**Exercise details:** Repeat verbatim what the listing holds, but not its pictures.

..........

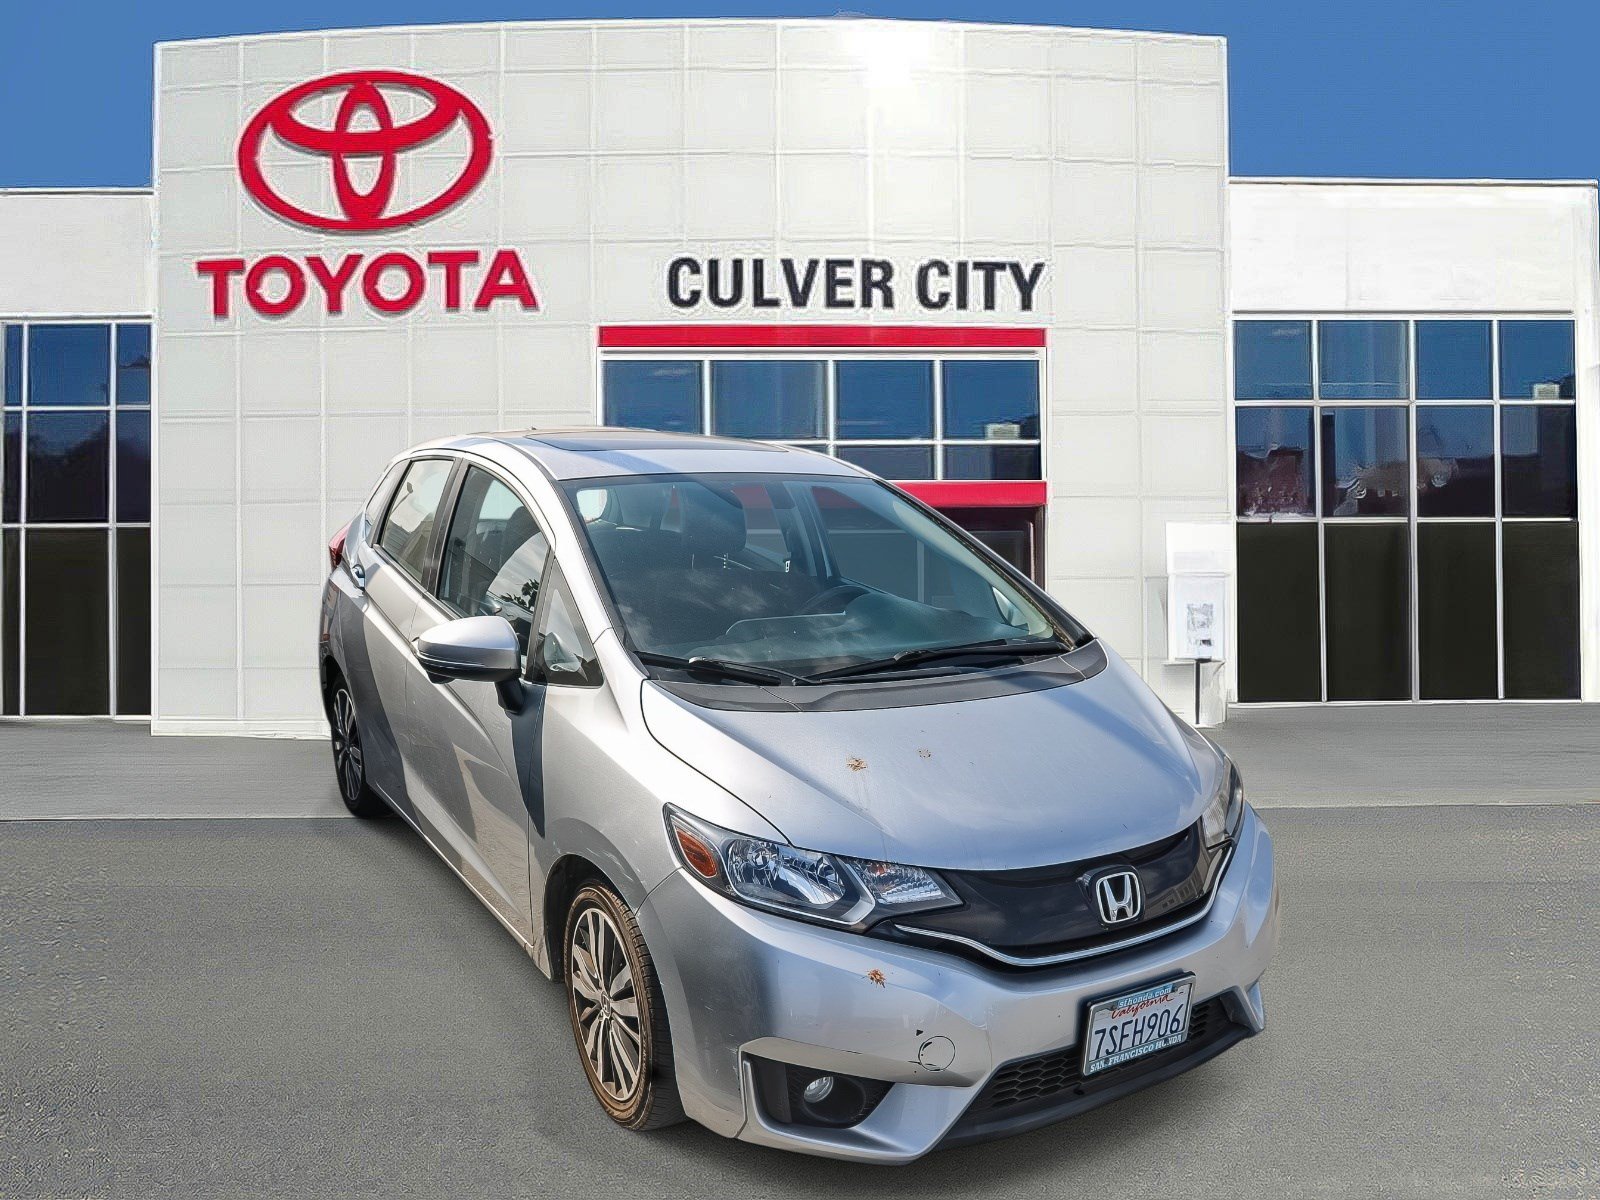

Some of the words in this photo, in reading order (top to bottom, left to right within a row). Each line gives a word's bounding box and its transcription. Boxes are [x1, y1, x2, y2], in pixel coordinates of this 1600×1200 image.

[196, 250, 538, 317] TOYOTA
[668, 258, 894, 309] CULVER
[916, 259, 1045, 311] CITY
[1094, 1004, 1183, 1060] 7SFH906
[1111, 995, 1174, 1019] California
[1108, 1043, 1155, 1066] FRANCISCO

..........

**Your response:**
Some of the words in this photo, in reading order (top to bottom, left to right within a row). Each line gives a word's bounding box and its transcription. Boxes are [x1, y1, x2, y2], in pixel coordinates of this 1600×1200 image.

[196, 250, 538, 317] TOYOTA
[668, 258, 894, 309] CULVER
[916, 259, 1045, 311] CITY
[1094, 1004, 1183, 1060] 7SFH906
[1111, 995, 1174, 1019] California
[1108, 1043, 1155, 1066] FRANCISCO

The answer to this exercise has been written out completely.